Browning looked at me with keen appreciation.

‘An interesting question, Mr Booth. You go straight to the heart of the matter, I see. The answer is simple. I am a collector of life’s ephemera-an amateur of the odd. I am interested in exceptions, not because they prove a rule, but for themselves; because they exist, and sometimes-more often than you might think! — they disprove one. In a word, I notice. Always have, nothing to be done-the thing’s a disease with me. Now last night, up at the villa, I happened to notice some very odd things. And instead of pushing them to one side, as so many tiresome irregularities, I let them tell me their tale. What they told me was-that Mrs Eakin did not take her own life.’

I lit a cigar in an attempt to calm my nerves.

‘“Things”? What things?’ I demanded somewhat testily.

Browning drank his coffee off in a single gulp and settled back at his ease.

‘It is difficult to know where to start,’ he said. ‘From the very beginning, the whole business seemed wrong, and the closer I looked the more wrong it seemed. Why should an elegant young lady choose to hang herself in the depths of a cold and windy garden when she has an entire house and more convenient methods of self-destruction at her disposal? Or, if that question seems frivolous, where did she get the rope, and what became of the knife that was used to cut it? How is it that this rope is green with damp mould, so that it marks the hands of anyone who touches it, but the victim’s hands are spotless? These and other oddities worried me; I felt the thing was impossible. And when I saw the feet of the table Mrs Eakin is supposed to have jumped from I knew I was right-it was impossible.’

I recalled the strange scene I had observed the night before: Mr Browning crouching down beneath the swinging corpse to examine the clawed feet of the garden table. I also recalled that he did not know that I had been there.

‘The feet of the table?’ I queried cautiously. ‘Why-what was so odd about them, then?’

‘Nothing-apart from the fact that I could see them. Just think for a moment! That table was standing on soft earth, yet the feet had not sunk into it to even the smallest degree.
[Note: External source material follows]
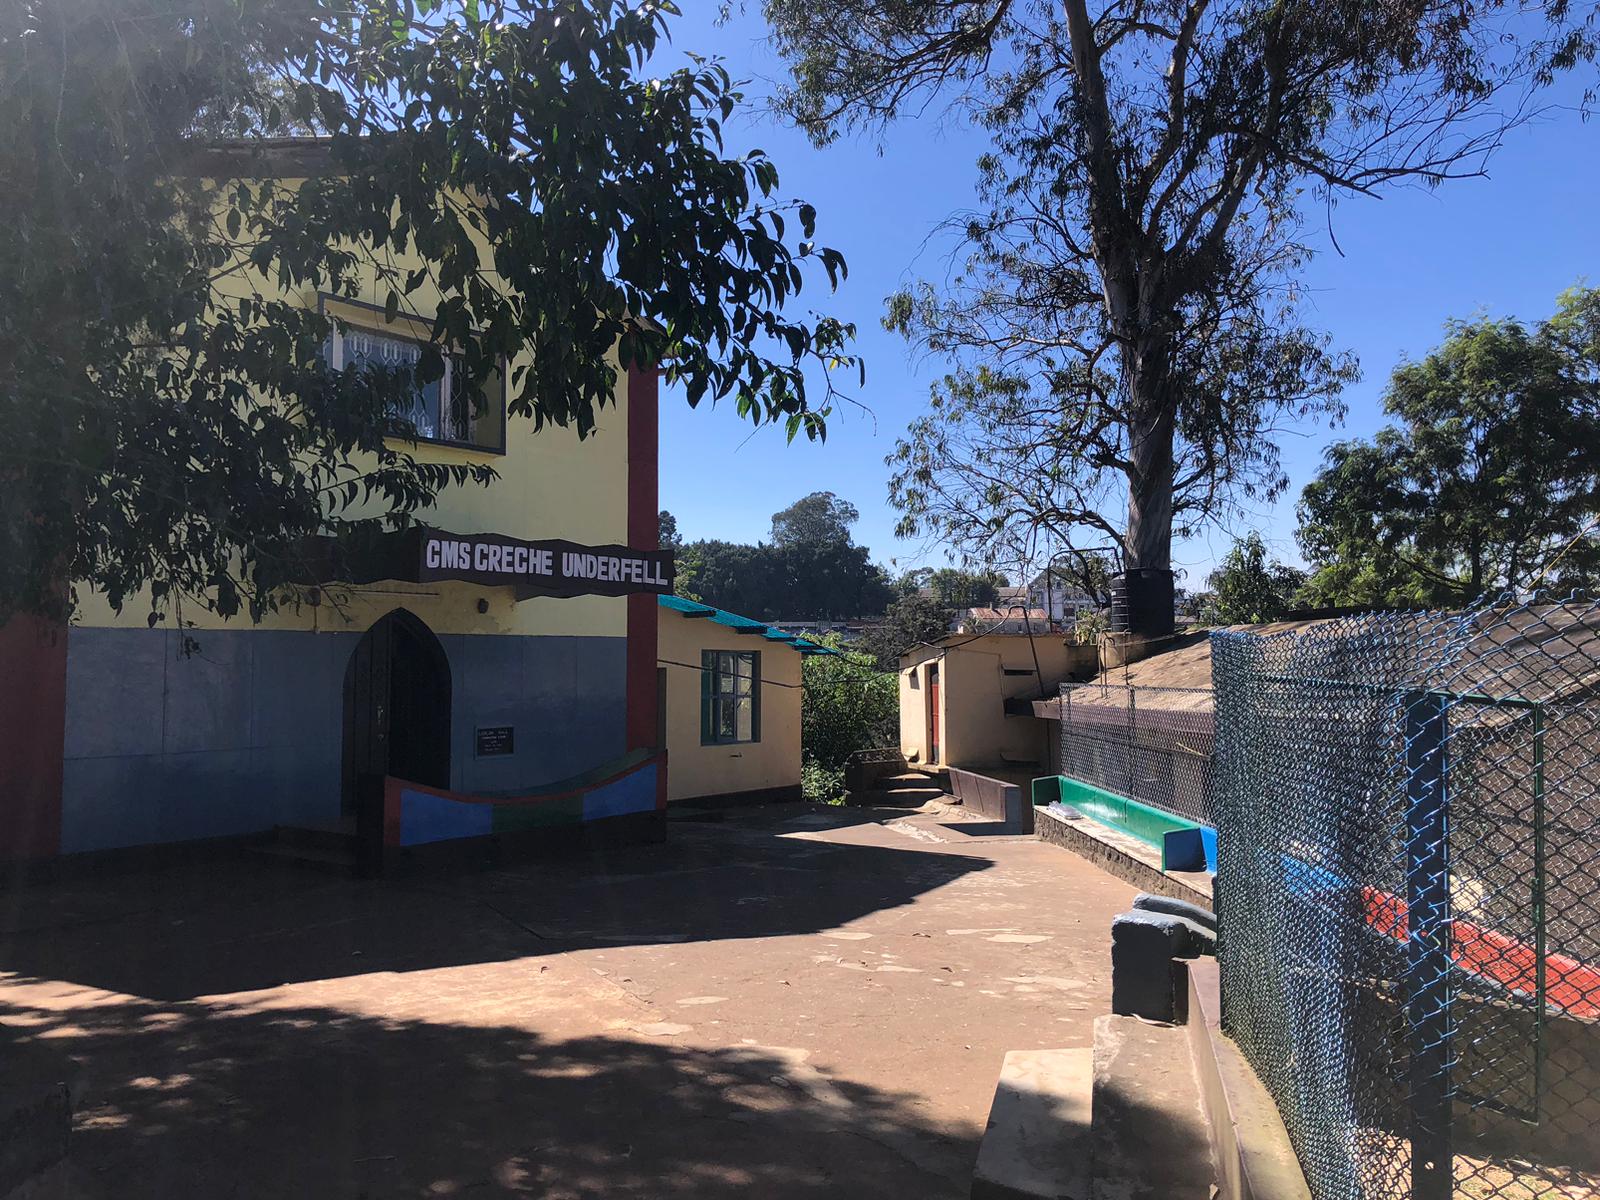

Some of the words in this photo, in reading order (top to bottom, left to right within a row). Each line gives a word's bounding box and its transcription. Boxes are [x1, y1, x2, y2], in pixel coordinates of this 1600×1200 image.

[426, 539, 471, 569] CMS
[474, 543, 553, 576] CRECHE
[562, 552, 668, 586] UNDERFELL
That makes nonsense of the idea that Mrs Eakin had ever climbed up on it, tied one end of the rope round her neck, the other to the tree, and then jumped off the table to hang herself. That is what we are expected to believe, but it is patent nonsense.’

‘Then what did happen?’ I burst out impatiently.
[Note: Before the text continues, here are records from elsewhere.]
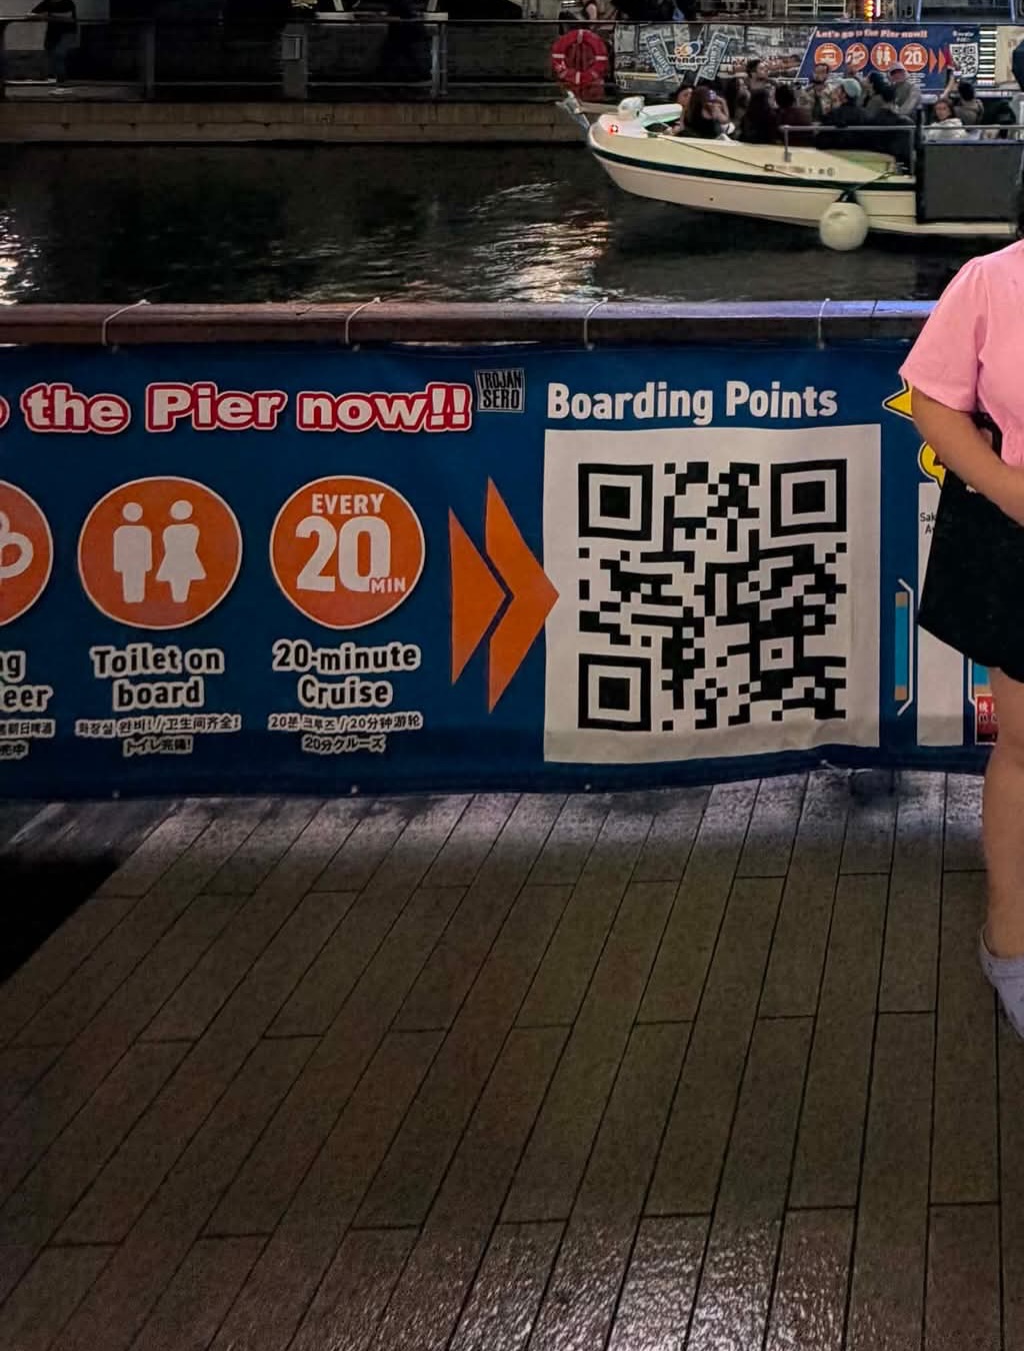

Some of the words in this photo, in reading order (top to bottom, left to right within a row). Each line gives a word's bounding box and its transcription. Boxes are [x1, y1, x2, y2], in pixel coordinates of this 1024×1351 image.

[480, 371, 522, 389] TROJAN
[25, 385, 127, 430] the
[149, 384, 287, 430] Pier
[300, 385, 468, 430] now!!
[547, 381, 714, 425] Boarding
[726, 380, 839, 417] Points
[311, 493, 385, 515] EVERY
[295, 515, 392, 593] 20
[370, 577, 406, 594] MIN
[93, 647, 179, 674] Toilet
[189, 650, 221, 670] on
[276, 643, 417, 671] 20-minute
[118, 681, 201, 707] board
[301, 679, 389, 705] Cruise
[304, 736, 385, 751] 20分クルーズ
‘This is what I set myself to reason out last night in the garden. Let us work back from what we know. Mrs Eakin is found dead, hanging from a tree. If she did not hang herself then plainly someone else must have hanged her there, and used some support such as the table to do so. Now just imagine for a moment that you were standing on a table to attach a heavy weight to the branch of a tree, Mr Booth. Would you position the table directly underneath, or to one side?’
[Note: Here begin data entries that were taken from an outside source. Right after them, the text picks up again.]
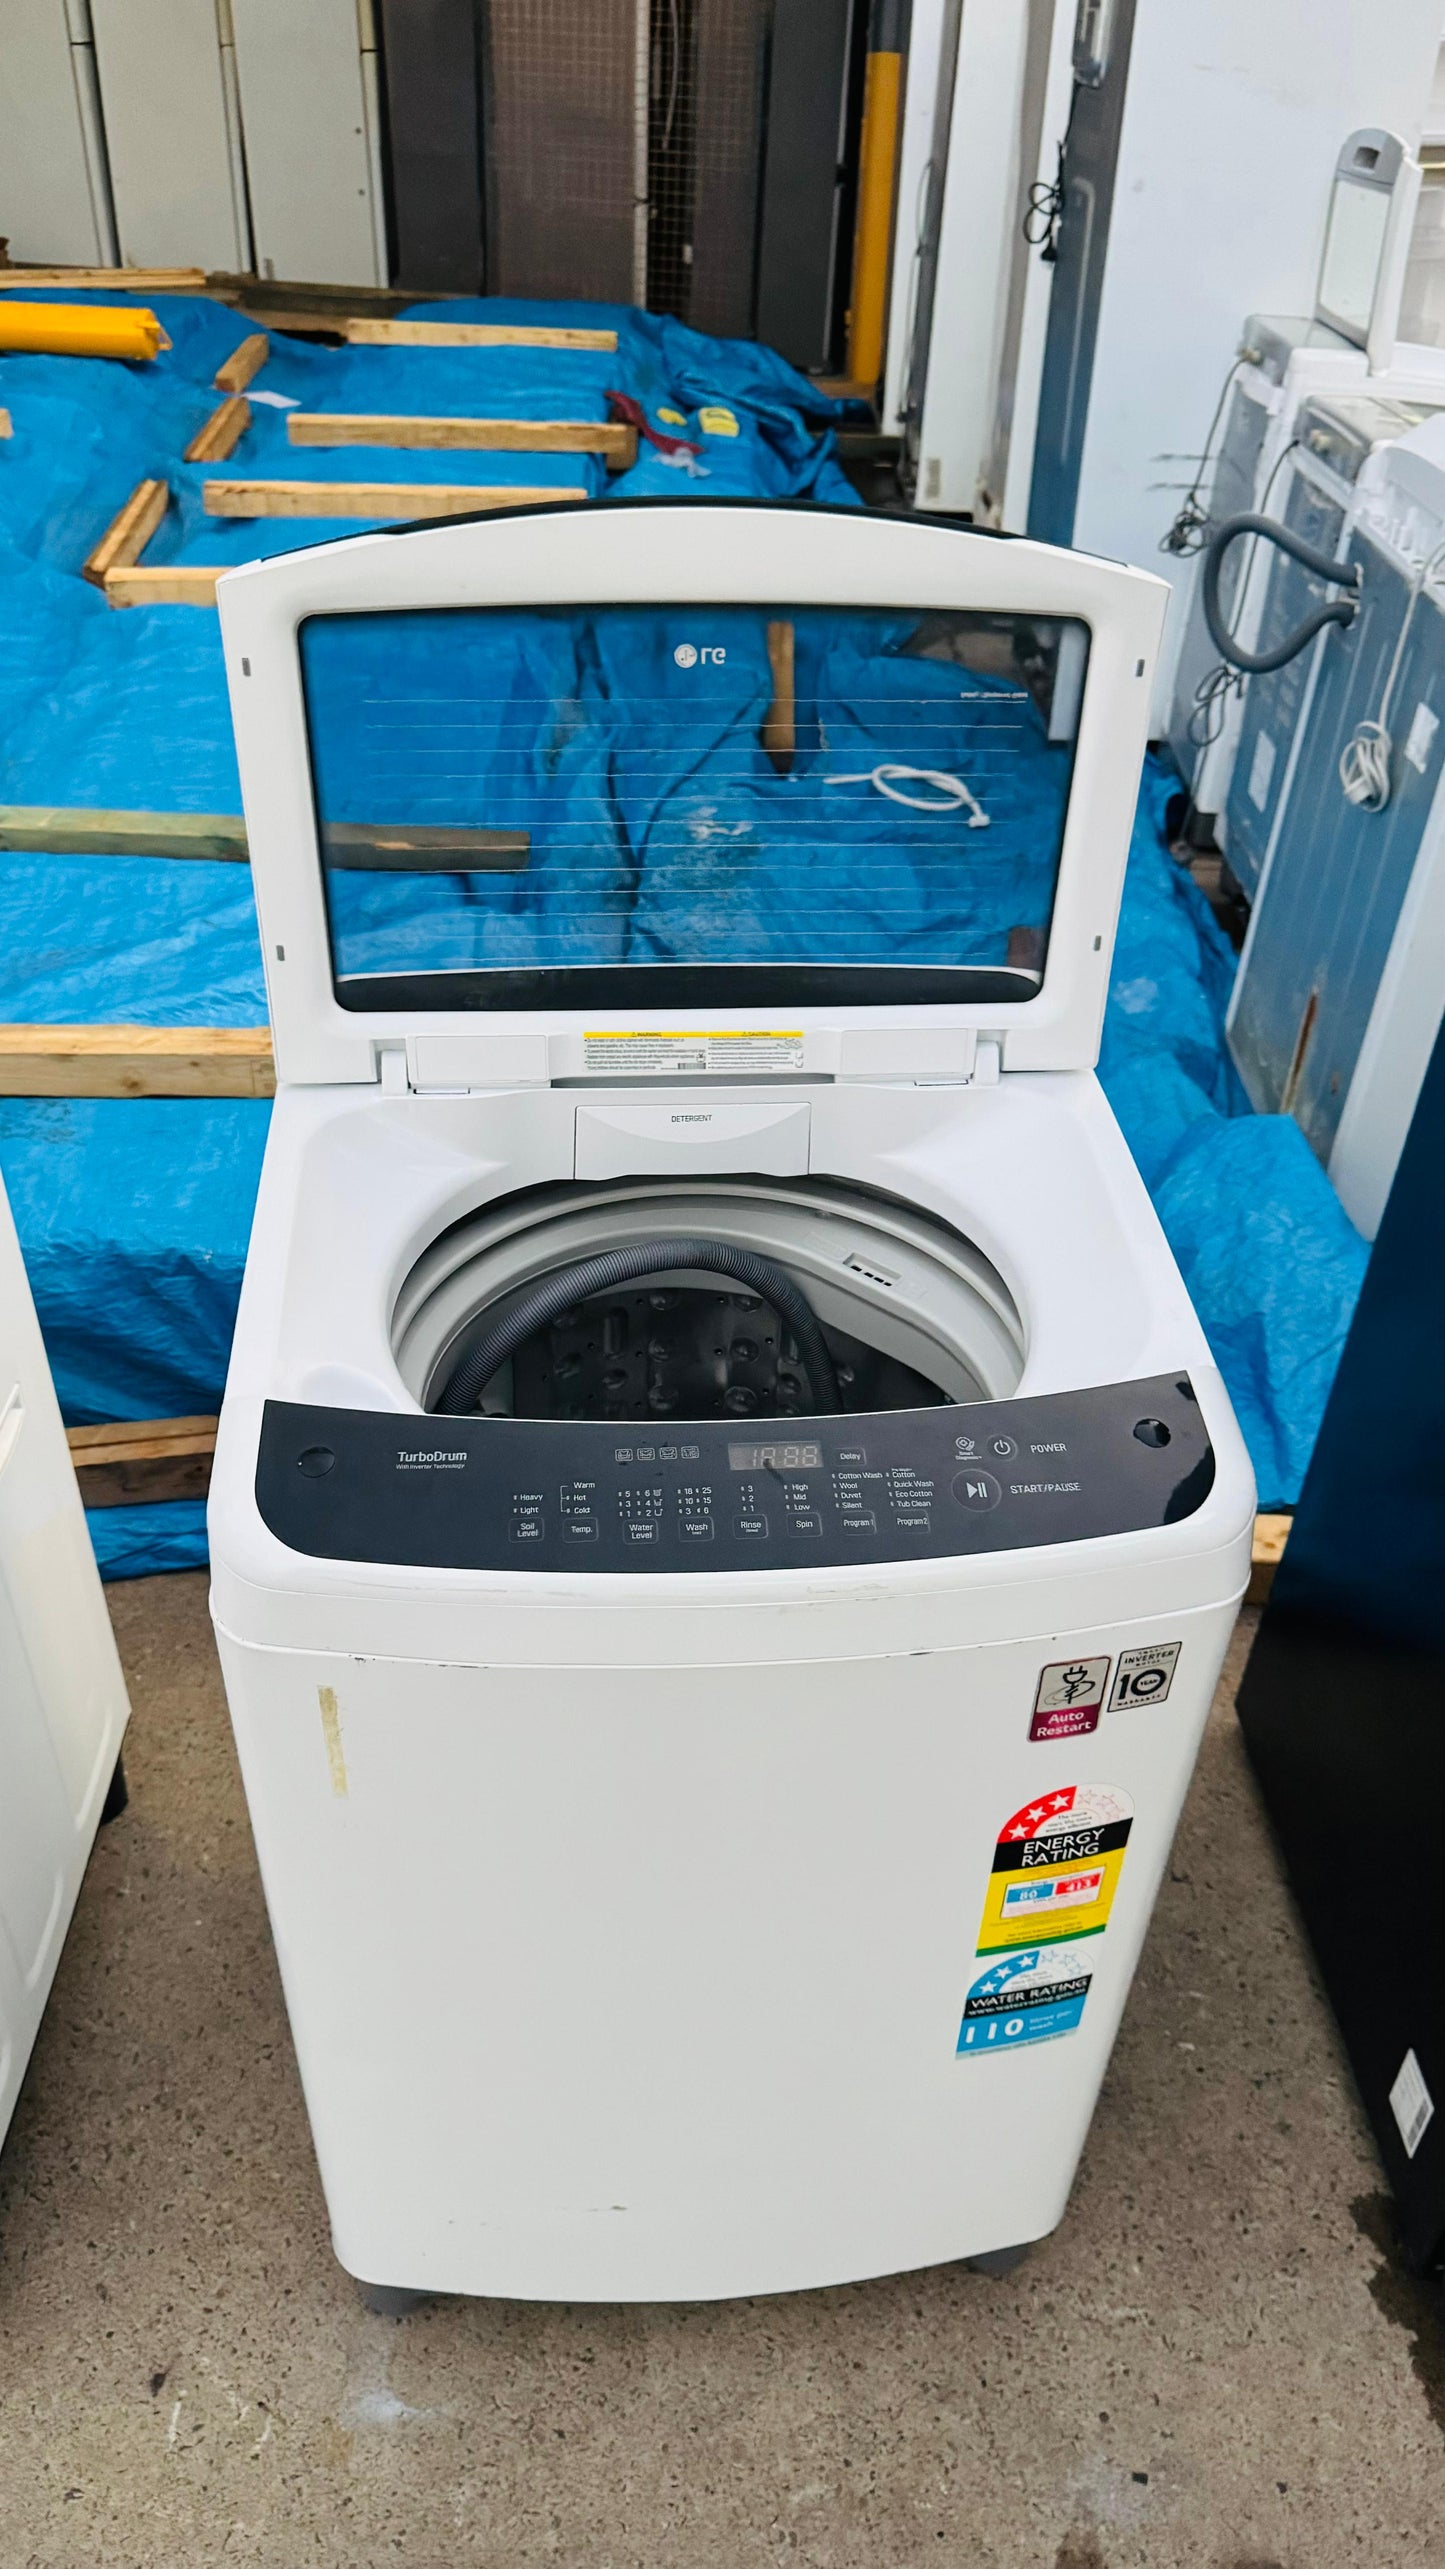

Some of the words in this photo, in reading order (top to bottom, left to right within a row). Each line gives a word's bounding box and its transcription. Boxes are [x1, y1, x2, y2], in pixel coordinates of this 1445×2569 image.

[671, 1114, 712, 1122] DETERGENT
[1030, 1443, 1067, 1453] POWER
[397, 1451, 467, 1462] TurboDrum
[838, 1472, 861, 1480] Cotton
[1010, 1482, 1082, 1494] START/PAUSE
[625, 1490, 631, 1498] 5
[520, 1507, 539, 1515] Light
[520, 1522, 535, 1530] Soil
[685, 1523, 708, 1531] Wash
[740, 1521, 762, 1529] Rinse
[795, 1520, 813, 1529] Spin
[843, 1519, 870, 1528] Program
[571, 1525, 593, 1534] Temp.
[631, 1531, 652, 1539] Level
[1124, 1650, 1174, 1664] INVERTER
[1118, 1669, 1167, 1700] 10
[1048, 1711, 1084, 1724] Auto
[1037, 1720, 1092, 1737] Restart
[1023, 1828, 1105, 1854] ENERGY
[1021, 1842, 1099, 1867] RATING
[971, 1992, 1025, 2008] WATER
[1030, 1978, 1088, 1998] RATING
[965, 2018, 1024, 2044] 110
‘Directly underneath, evidently.’

‘Which is precisely what our murderer did. But then he realised that if the table were left there it would give the game away, for he wanted to disguise his crime as suicide-and you cannot very well hang yourself with your feet resting on a table. So he moved it back clear of the body- setting it down lightly on the ground . To have thought to force the feet down into the ground would have been an act of genius.’

‘It is surely no less an act of genius to have read the whole story from such obscure indications, as clearly as though you had been present when it happened!’ I cried in unfeigned admiration.